On Luncheon: A Word Of Advice To Those Hampered By Celebrity

Astonishingly enough, my now-frequent luncheons out have gone completely unnoticed by The Media At Large.  It would seem that Hillary is Doing It Wrong.  I've given this quite a bit of thought lately since the former Secretary has been all over the television news, print media, and Interwebs munching on salads with President Obama and rumoured to be lunching with Vice President Biden soon.  If Hillary wants to have a nice afternoon meal (or snack, or cocktail with nibblies) with her friends, and she does not want it to become Journalistic Fodder and a Media Event, she should pay attention to the points I delineate below.

1.  Location:  Hillary went to the White House for lunch.  I go to relatively pedestrian, often chain, restaurants.  There is no way that a bunch of reporters are hanging out in a press pool at the Ruby Tuesday or the Olive Garden.  Additionally, I lunch in Northeastern Ohio, where no one of any consequence lives or works, (unless you count members of the Cleveland Browns football team or the Cleveland Indians baseball team.  Right.  I didn't think so.)

2.  Location 2.0:  Hillary and Barack ate (ahem) outdoors.  As in, outside.  As in, not inside like People.  Also as in, They Were Asking For It.  Now, while I applaud the Secretary for considering being photographed in natural light, this is an Invitation For A Photo-Op.  I, on the other hand, always ask if we can be seated along a wall with no vents so that I am not cold, which pretty much guarantees an obstructed view for cameras.  (It is a Given for all Dept. readers that I will not eat outside. How silly.)

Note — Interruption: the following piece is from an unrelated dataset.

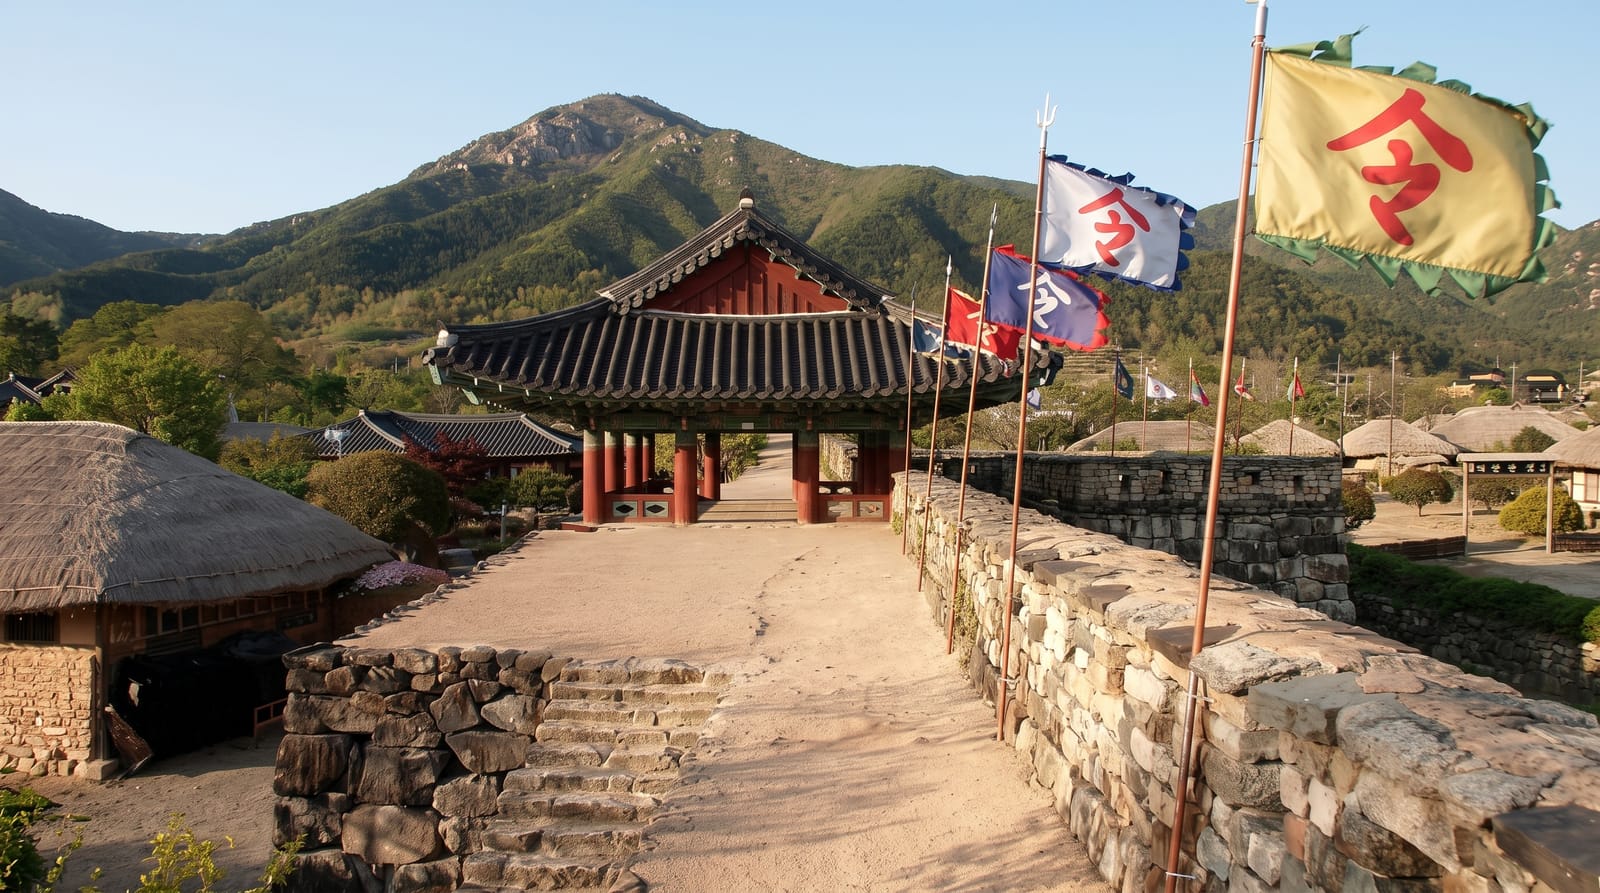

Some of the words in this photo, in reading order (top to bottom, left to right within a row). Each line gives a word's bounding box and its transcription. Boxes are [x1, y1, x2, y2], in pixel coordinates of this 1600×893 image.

[1326, 87, 1474, 247] 令
[1078, 188, 1150, 267] 令
[1017, 271, 1072, 329] 令

3.  Companions:  Hillary's lunch companions are Washington D.C. elites.  My lunch buddies are retired teachers, teachers on summer break, friends, and family.  I would venture to say that a good 80% of the people who Hillary pals around with or is related to probably are newsworthy on their own.  I would say that a good 99.9% of the people who I can call up and who would know who I was are not.  Newsworthy, I mean.  This is how I can maintain my Cloak Of Privacy and Anonymity, but Hillary cannot. 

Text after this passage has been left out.